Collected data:
#####

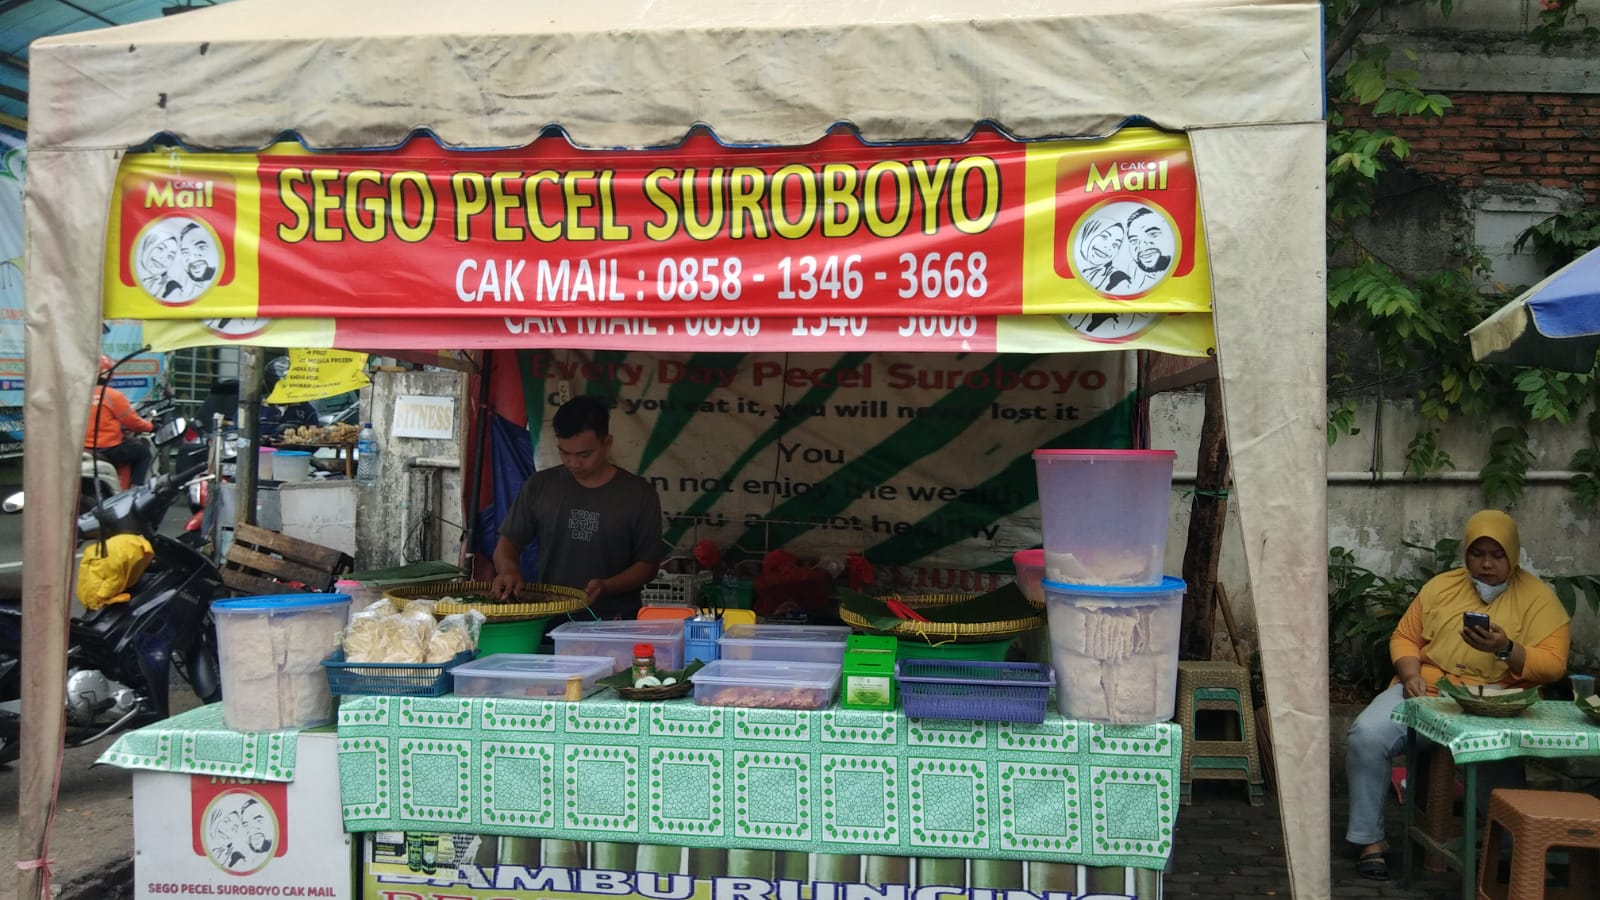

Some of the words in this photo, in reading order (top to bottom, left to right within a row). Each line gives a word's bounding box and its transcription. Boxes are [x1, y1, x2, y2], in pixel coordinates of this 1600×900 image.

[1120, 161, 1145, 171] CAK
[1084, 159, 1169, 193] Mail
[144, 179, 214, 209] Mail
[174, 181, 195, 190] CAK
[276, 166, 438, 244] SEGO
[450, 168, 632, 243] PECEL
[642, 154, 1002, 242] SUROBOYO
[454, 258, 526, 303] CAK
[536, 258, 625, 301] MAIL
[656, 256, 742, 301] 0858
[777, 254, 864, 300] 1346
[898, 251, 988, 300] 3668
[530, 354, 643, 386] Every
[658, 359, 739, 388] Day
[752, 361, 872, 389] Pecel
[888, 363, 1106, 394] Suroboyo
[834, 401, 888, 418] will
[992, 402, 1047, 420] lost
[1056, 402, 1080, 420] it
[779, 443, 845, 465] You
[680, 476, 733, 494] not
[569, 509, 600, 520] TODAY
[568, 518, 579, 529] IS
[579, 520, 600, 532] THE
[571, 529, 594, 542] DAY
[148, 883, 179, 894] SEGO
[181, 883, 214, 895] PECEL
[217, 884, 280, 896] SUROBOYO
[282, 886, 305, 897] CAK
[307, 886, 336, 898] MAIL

#####

§ **TASK DIRECTIONS**
Copy out all the data above exactly as written. Skip the pictures.

§ **EXERCISE RESULT**
Some of the words in this photo, in reading order (top to bottom, left to right within a row). Each line gives a word's bounding box and its transcription. Boxes are [x1, y1, x2, y2], in pixel coordinates of this 1600×900 image.

[1120, 161, 1145, 171] CAK
[1084, 159, 1169, 193] Mail
[144, 179, 214, 209] Mail
[174, 181, 195, 190] CAK
[276, 166, 438, 244] SEGO
[450, 168, 632, 243] PECEL
[642, 154, 1002, 242] SUROBOYO
[454, 258, 526, 303] CAK
[536, 258, 625, 301] MAIL
[656, 256, 742, 301] 0858
[777, 254, 864, 300] 1346
[898, 251, 988, 300] 3668
[530, 354, 643, 386] Every
[658, 359, 739, 388] Day
[752, 361, 872, 389] Pecel
[888, 363, 1106, 394] Suroboyo
[834, 401, 888, 418] will
[992, 402, 1047, 420] lost
[1056, 402, 1080, 420] it
[779, 443, 845, 465] You
[680, 476, 733, 494] not
[569, 509, 600, 520] TODAY
[568, 518, 579, 529] IS
[579, 520, 600, 532] THE
[571, 529, 594, 542] DAY
[148, 883, 179, 894] SEGO
[181, 883, 214, 895] PECEL
[217, 884, 280, 896] SUROBOYO
[282, 886, 305, 897] CAK
[307, 886, 336, 898] MAIL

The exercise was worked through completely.